Early Japanese medicine has not much to distinguish it from the Chinese. At first purely theurgic, the practice was later characterized by acupuncture and a refined study of the pulse. It has an extensive literature, largely based upon the Chinese, and extending as far back as the beginning of the Christian era. European medicine was introduced by the Portuguese and the Dutch, whose "factory" or "company" physicians were not without influence upon practice. An extraordinary stimulus was given to the belief in European medicine by a dissection made by Mayeno in 1771 demonstrating the position of the organs as shown in the European anatomical tables, and proving the Chinese figures to be incorrect.

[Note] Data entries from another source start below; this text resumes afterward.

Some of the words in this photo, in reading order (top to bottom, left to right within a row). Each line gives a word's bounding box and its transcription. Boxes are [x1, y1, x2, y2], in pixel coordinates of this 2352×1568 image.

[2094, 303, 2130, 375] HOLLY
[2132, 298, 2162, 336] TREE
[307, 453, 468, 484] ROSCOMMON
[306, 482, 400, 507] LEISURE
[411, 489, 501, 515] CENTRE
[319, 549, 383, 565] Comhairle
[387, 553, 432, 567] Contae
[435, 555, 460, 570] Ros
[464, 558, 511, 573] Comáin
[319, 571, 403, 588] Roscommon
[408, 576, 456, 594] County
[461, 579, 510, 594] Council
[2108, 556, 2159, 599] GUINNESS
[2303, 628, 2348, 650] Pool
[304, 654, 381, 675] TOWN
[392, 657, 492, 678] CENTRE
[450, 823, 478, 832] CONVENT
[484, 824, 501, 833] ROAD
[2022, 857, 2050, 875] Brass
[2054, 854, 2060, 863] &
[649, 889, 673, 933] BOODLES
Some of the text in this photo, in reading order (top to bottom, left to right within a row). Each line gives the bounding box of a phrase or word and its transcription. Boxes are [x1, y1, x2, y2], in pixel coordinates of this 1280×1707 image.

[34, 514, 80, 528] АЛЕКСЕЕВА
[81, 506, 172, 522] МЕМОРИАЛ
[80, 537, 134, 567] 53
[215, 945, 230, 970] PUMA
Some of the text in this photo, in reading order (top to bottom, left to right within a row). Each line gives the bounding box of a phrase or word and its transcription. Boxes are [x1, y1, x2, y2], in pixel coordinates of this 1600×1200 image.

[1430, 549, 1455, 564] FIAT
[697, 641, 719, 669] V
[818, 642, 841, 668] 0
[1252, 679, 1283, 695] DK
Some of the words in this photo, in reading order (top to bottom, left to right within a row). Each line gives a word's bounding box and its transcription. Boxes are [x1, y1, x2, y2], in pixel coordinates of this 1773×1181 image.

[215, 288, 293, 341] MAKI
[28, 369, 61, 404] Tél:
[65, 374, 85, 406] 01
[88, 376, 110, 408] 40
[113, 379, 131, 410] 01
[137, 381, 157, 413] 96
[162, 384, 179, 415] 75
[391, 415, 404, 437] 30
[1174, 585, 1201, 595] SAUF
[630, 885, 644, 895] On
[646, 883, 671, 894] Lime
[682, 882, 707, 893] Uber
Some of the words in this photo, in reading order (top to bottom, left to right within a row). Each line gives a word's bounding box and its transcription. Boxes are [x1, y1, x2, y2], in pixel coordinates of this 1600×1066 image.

The next day a translation into Japanese of the anatomical work of Kulmus was begun, and from its appearance in 1773 may be dated the commencement of reforms in medicine. In 1793, the work of de Gorter on internal medicine was
translated, and it is interesting to know that before the so-called "opening of Japan" many European works on medicine had been published. In 1857, a Dutch medical school was started in Yedo. Since the political upheaval in 1868, Japan has made rapid progress in scientific medicine, and its institutions and teachers are now among the best known in the world.28
 J. J. M. de Groot: Religious System of China, Vol. VI, Leyden, 1910, p. 929.
 Sir John Floyer: The Physician's Pulse Watch, etc., London, 1707.
 See Y. Fujikawa, Geschichte der Medizin in Japan, Tokyo, 1911.